• EXERCISE GOAL: Transcribe the entries below with complete accuracy, excluding the pictures.
-*-*-
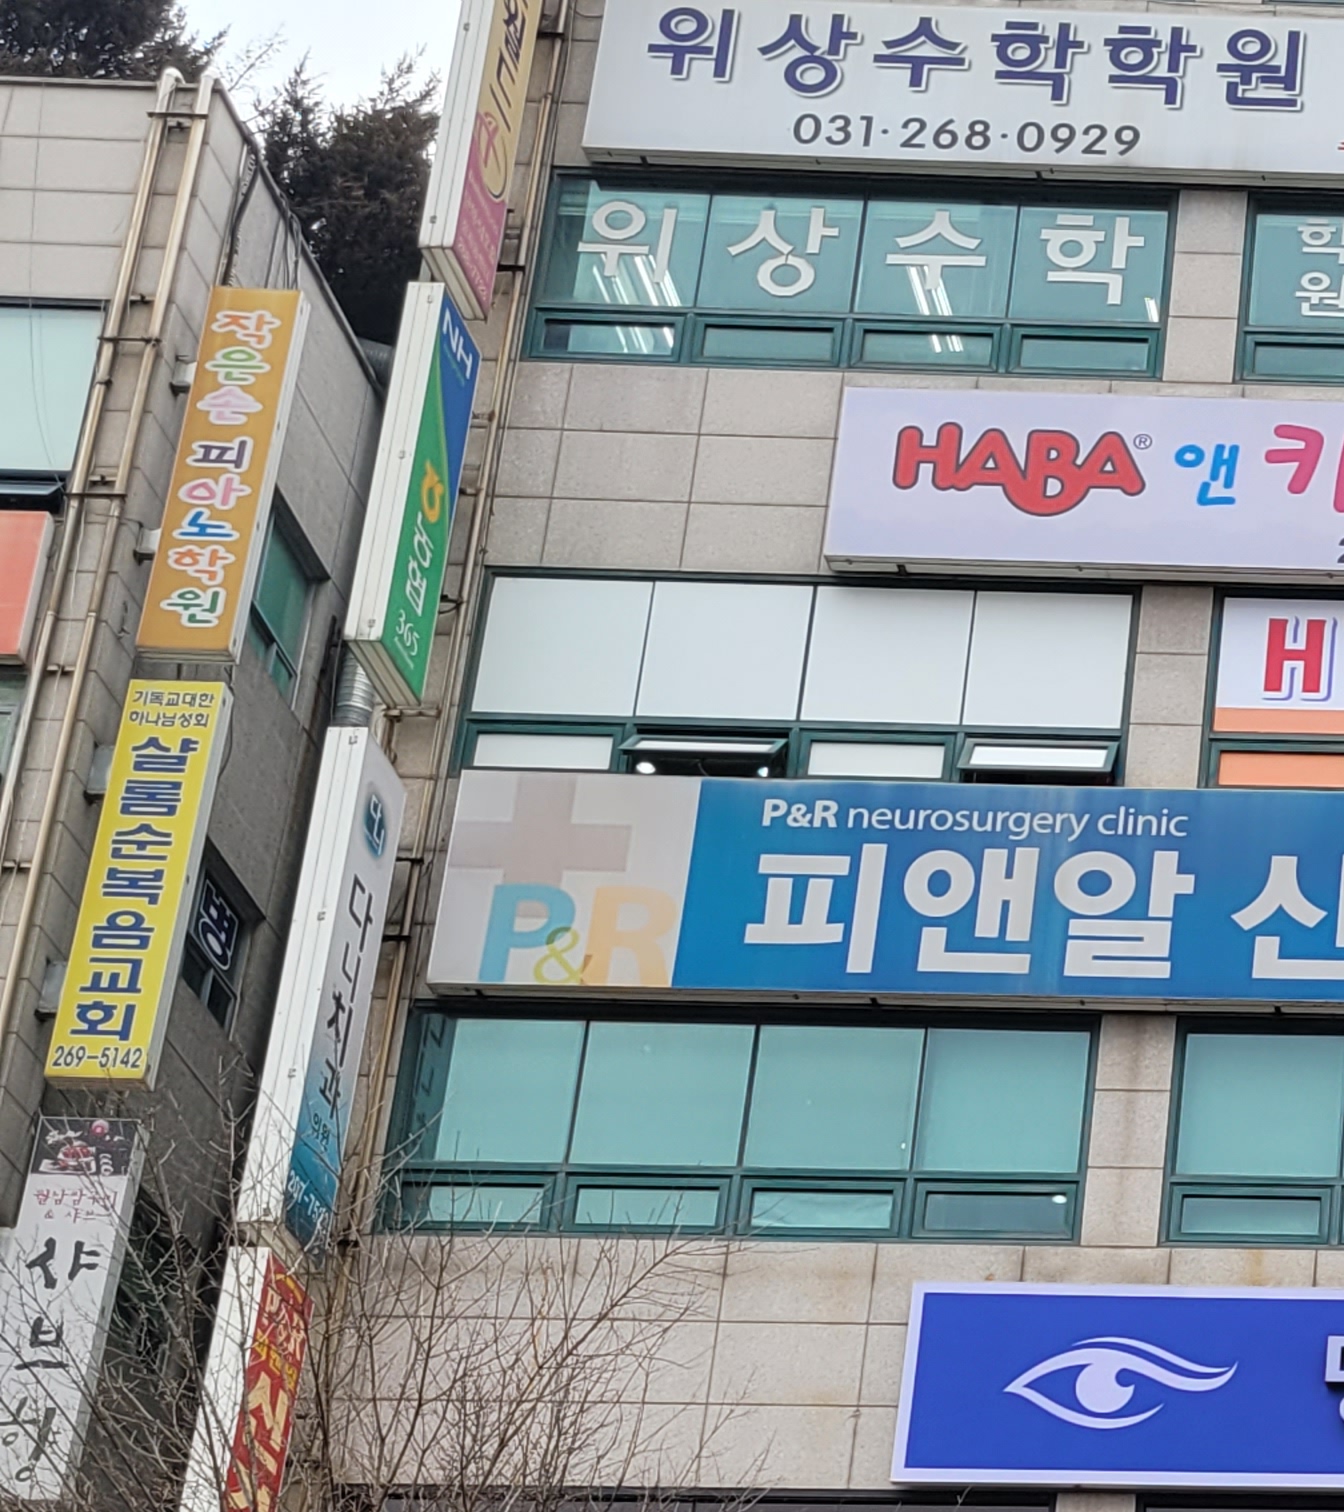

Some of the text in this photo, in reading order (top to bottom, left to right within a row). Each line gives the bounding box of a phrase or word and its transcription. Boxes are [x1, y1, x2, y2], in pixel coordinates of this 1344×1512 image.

[647, 6, 1311, 112] 위상수학학원
[576, 199, 1146, 306] 위상수학
[892, 421, 1147, 518] HABA
[1173, 442, 1241, 508] 앤
[129, 709, 210, 729] 하나님성회
[133, 688, 215, 709] 기독교대한
[761, 799, 1190, 842] P&R neurosurgery clinic
[477, 882, 679, 988] P&R
[742, 842, 1197, 980] 피앤알
[51, 1043, 145, 1070] 269-5142
-*-*-
• EXERCISE SOLUTION:
Some of the text in this photo, in reading order (top to bottom, left to right within a row). Each line gives the bounding box of a phrase or word and its transcription. Boxes are [x1, y1, x2, y2], in pixel coordinates of this 1344×1512 image.

[647, 6, 1311, 112] 위상수학학원
[576, 199, 1146, 306] 위상수학
[892, 421, 1147, 518] HABA
[1173, 442, 1241, 508] 앤
[129, 709, 210, 729] 하나님성회
[133, 688, 215, 709] 기독교대한
[761, 799, 1190, 842] P&R neurosurgery clinic
[477, 882, 679, 988] P&R
[742, 842, 1197, 980] 피앤알
[51, 1043, 145, 1070] 269-5142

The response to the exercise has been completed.